Between August 1929 and May 1932 the Dow Jones Industrial Average lost 89.9%.  This drop has been repeated only once since.  It was when the NASDAQ dropped 89% during the-hi tech implosion in 2000.  

It is so obvious that Canadian house prices are in the stratosphere. They bear no relationship to family income. For years prices have soared faster than wages and inflation.  At the same time families have piled up personalized debt to record levels to match these house gains.  The market is now changing as sales have peaked and are down double digits in many of the hot markets today.  Falling sales result in price drops leading us to believe prices will begin to decline by late summer, if they are not already.  It will be amazing how many potential buyers will disappear and how many homes will go up for sale. 

Stock Markets are based on profits.  Nothing else!  Because of this, stock markets are the second most expensive on record.  They are up slightly from two years ago while the markets are up over 10%.  The Dow Jones Industrial Average is currently trading at 20.5 times earnings.  The 97 year history of the index is between 13 times (set mostly last century) to this century’s average of 15 times earnings. 

In order for homes prices to return to their norms, prices must drop between 20% and 40%, depending on the location.  Stock markets face a potential decline of 25%.  The danger today is if the stock market and house prices decline at the same time.  If this takes place the economy will contract.
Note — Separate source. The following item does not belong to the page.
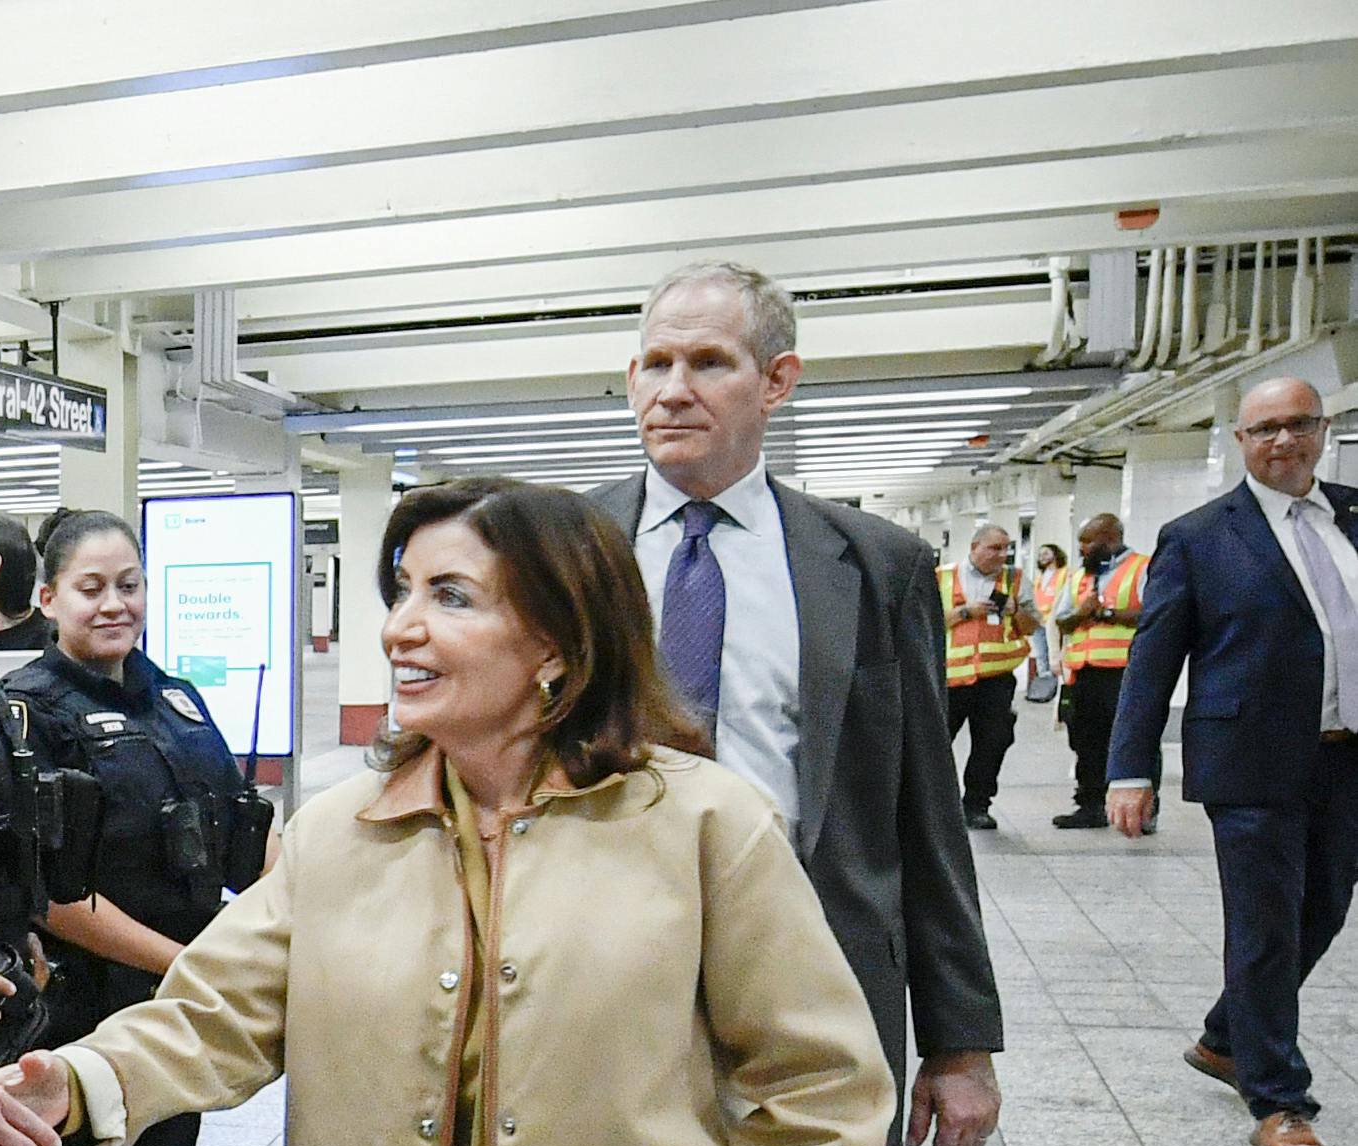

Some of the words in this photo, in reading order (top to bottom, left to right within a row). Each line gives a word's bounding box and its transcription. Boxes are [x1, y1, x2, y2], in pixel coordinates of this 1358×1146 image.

[49, 386, 94, 434] Street
[178, 592, 232, 605] Double
[178, 609, 243, 621] rewards.
You will want income (dividends) and to maintain a cash reserve that you can use to take advantage of the deals that will be out there. 

History has shown that when the average person is buying the same thing and getting rich at it, all the wealth gets taken away at some point rather quickly.  Even worse, it takes years to recover.  Just a few samples of this, the Tulip Bulb craze, American railway bonds in the 18th century, the Great Depression, the hi tech during the nineties, and the Financial Crisis of 2007-2008.

Both corporate and household income do not justify current prices.  Real-estate and stocks markets need to clean themselves of the rampant speculation taking place. This will occur. It is a given.  Let’s just cross out fingers both do not occur at once.